<<<<
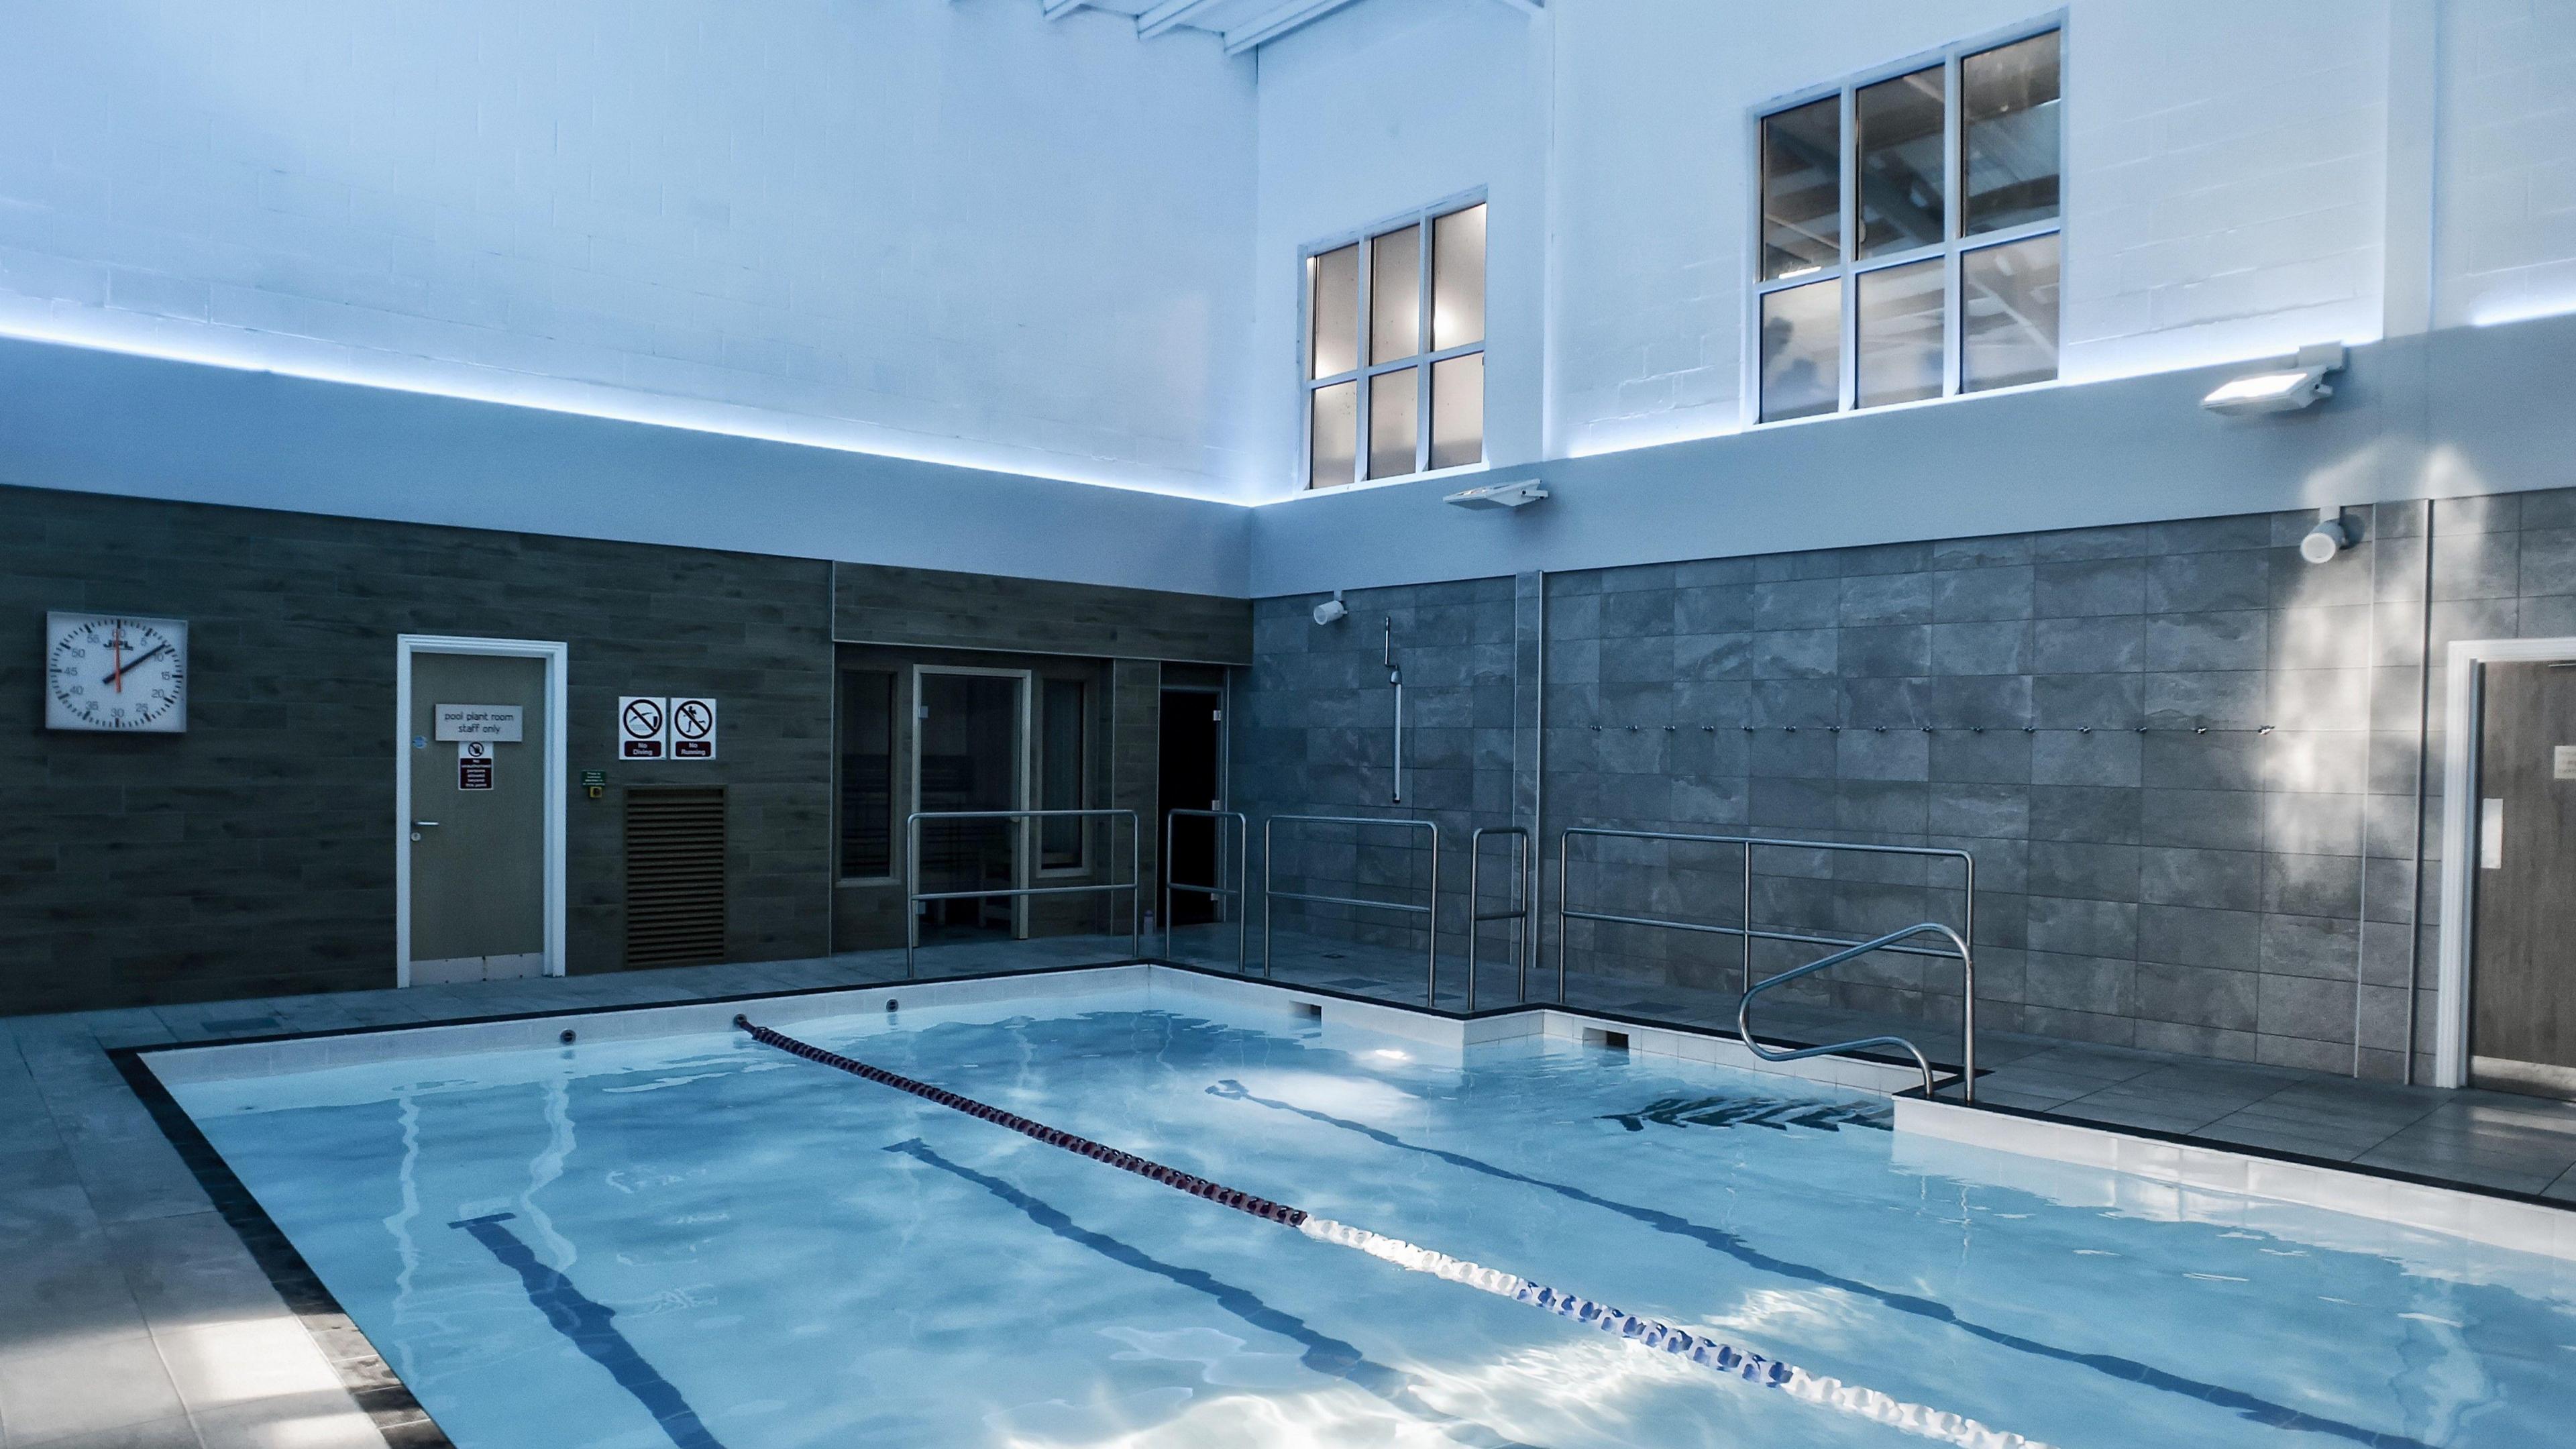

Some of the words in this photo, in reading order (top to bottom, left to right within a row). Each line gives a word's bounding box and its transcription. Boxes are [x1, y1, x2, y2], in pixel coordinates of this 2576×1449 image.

[87, 634, 99, 643] 55
[140, 637, 147, 645] 5
[71, 649, 85, 658] 50
[64, 667, 78, 676] 45
[162, 671, 170, 680] 15
[70, 686, 84, 694] 40
[152, 689, 164, 698] 20
[86, 701, 99, 710] 35
[136, 703, 149, 712] 25
[111, 708, 125, 718] 30
[445, 711, 463, 722] pool
[466, 711, 488, 721] plant
[491, 714, 514, 722] room
[458, 724, 480, 733] staff
[482, 724, 501, 734] only
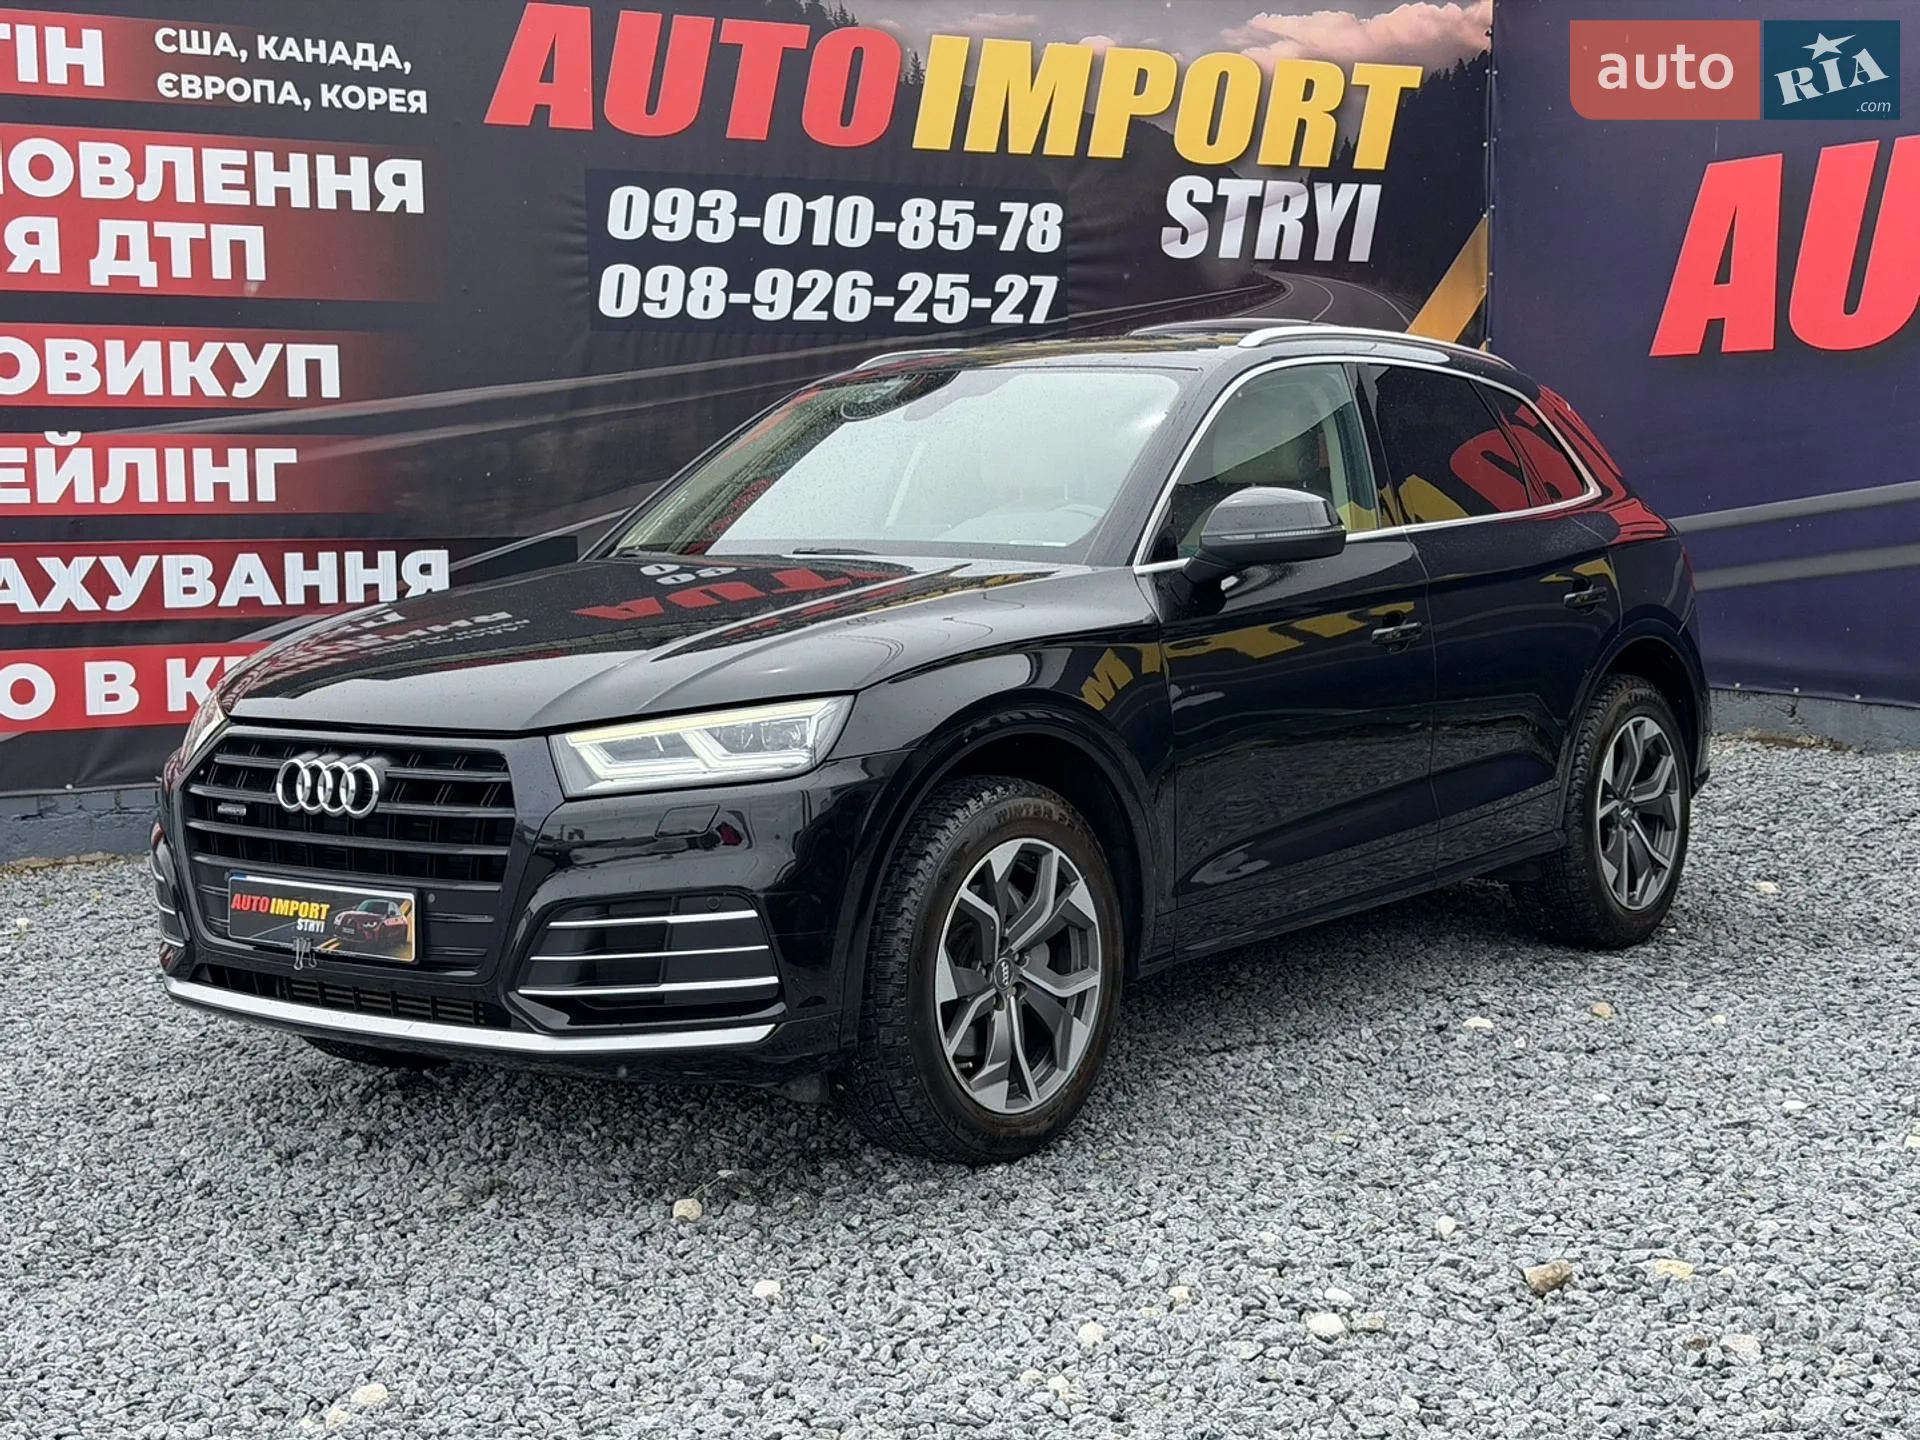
>>>>
Task prompt
Pictures stay out of this copy; write out the entries above exactly.

Written solution
Some of the words in this photo, in reading order (top to bottom, left to right within a row). Each line gives a word's bounding box and its transcription. Boxes are [x1, y1, x2, y2], in pixel coordinates of this 2576×1449 image.

[87, 634, 99, 643] 55
[140, 637, 147, 645] 5
[71, 649, 85, 658] 50
[64, 667, 78, 676] 45
[162, 671, 170, 680] 15
[70, 686, 84, 694] 40
[152, 689, 164, 698] 20
[86, 701, 99, 710] 35
[136, 703, 149, 712] 25
[111, 708, 125, 718] 30
[445, 711, 463, 722] pool
[466, 711, 488, 721] plant
[491, 714, 514, 722] room
[458, 724, 480, 733] staff
[482, 724, 501, 734] only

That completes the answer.